In March 2010, Romelo signed a contract with the Canterbury-Bankstown Bulldogs. After playing in Canterbury's NSW Cup reserve-grade side, Romelo made his debut for Canterbury-Bankstown against his former club, Penrith, in round 11 of the 2010 NRL season.
In the 2012 NRL season, Romelo played 13 games for Canterbury as the club won the Minor Premiership. Romelo did not feature in the club's finals campaign or the 2012 NRL Grand Final loss to Melbourne.

On 23 January 2014, Romelo signed a one-year contract with the Melbourne Storm starting in the same year. On 6 November 2014, Romelo signed with Queensland Cup team Eastern Suburbs Tigers full time for the 2015 season.

==Controversy==
In 2007, Romelo was sacked by Cronulla-Sutherland for disciplinary reasons.

Early in 2010, Romelo was sacked from the Penrith club for disciplinary reasons. It was later revealed that Romelo was terminated due to a drink driving offence. Romelo spoke to the Daily Telegraph saying "I lost my licence for DUI, so I catch the train to Homebush and back, It's about a 45-minute trip and I have to change at Lidcombe and then walk to the training ground from Olympic Park station, "I went through a difficult time and I've got mixed emotions about Penrith. On one hand I was badly behaved, but there were other players who did much worse and who weren't sacked. I'm not going to say who they were because I've still got heaps of mates there, but it did feel like there were double standards".

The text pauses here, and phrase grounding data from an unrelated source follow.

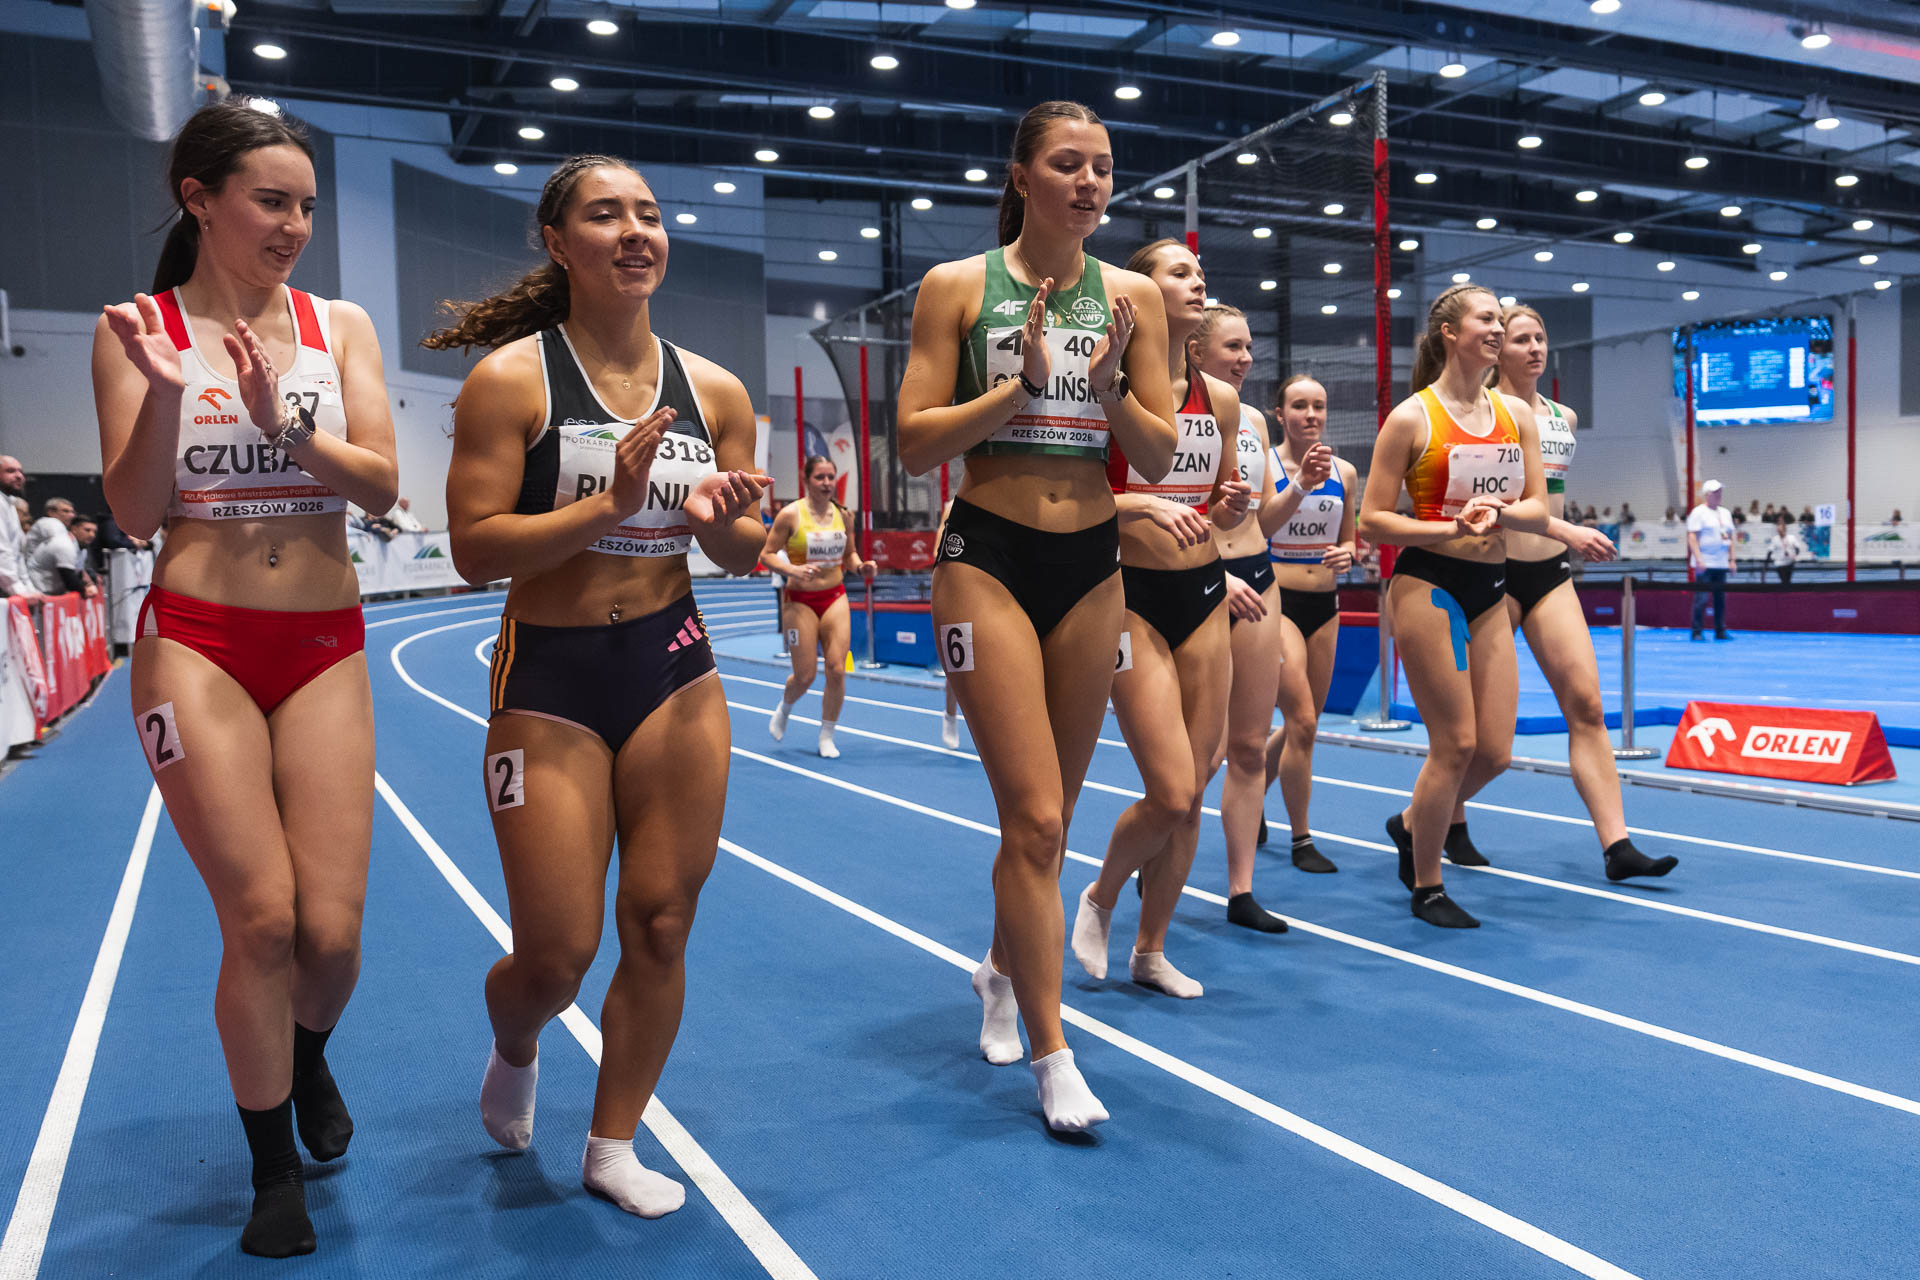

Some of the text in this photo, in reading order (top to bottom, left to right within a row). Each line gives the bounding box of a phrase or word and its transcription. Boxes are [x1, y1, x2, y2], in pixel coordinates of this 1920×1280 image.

[1078, 302, 1097, 310] AZS
[1080, 313, 1101, 322] AWF
[194, 414, 238, 425] ORLEN
[1011, 428, 1093, 442] RZESZÓW 2026
[1184, 419, 1215, 437] 718
[653, 437, 712, 464] 318
[1497, 448, 1520, 463] 710
[1541, 440, 1575, 456] SZTORT
[1173, 452, 1211, 473] ZAN
[1472, 476, 1509, 494] HOC
[212, 500, 324, 518] RZESZÓW 2026
[1319, 500, 1334, 512] 67
[1820, 506, 1833, 519] 16
[1288, 522, 1328, 536] KŁOK
[650, 542, 675, 554] 2026
[946, 627, 966, 669] 6
[145, 712, 175, 765] 2
[1751, 732, 1841, 757] ORLEN
[495, 756, 515, 806] 2

In 2016, Romelo was charged following a police bust of an alleged ice-dealing syndicate in Darwin. Romelo was arrested after a tip-off through the Dob in a Dealer campaign. Romelo was pulled over by police and was found to have 14g of methamphetamine in the vehicle. Police then raided Romelo's home finding another 2g of methamphetamine and $10,000 in cash, and arrested another associate who was at the property. Romelo was in breach of bail and was remanded in custody to appear again on 4 May 2016.

In August 2017, Romelo was jailed for two years and disqualified from driving for the same period over drug dealing charges.

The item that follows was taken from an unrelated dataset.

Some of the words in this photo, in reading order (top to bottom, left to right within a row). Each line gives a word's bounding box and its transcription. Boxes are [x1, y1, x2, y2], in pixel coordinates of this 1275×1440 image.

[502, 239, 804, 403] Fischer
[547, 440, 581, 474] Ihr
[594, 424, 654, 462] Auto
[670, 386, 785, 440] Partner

In 2019, Romelo was jailed for three years and four months after being convicted of two high speed chases in stolen cars and a brutal attack on his ex-girlfriend which broke her eye socket. It was alleged that Romelo ripped chunks from her hair, punched and choked her until she almost lost consciousness, because she didn't give him her phone passcode.

==Representative career==
Romelo has played for the Queensland Schoolboys.

In 2011, Romelo was announced as a member of the Italy squad that will compete in the 2013 World Cup qualifying matches.

On 16 January 2013, Romelo was voted into the Indigenous All Stars team by the fans to play the NRL All Stars team in the 2013 All Stars match.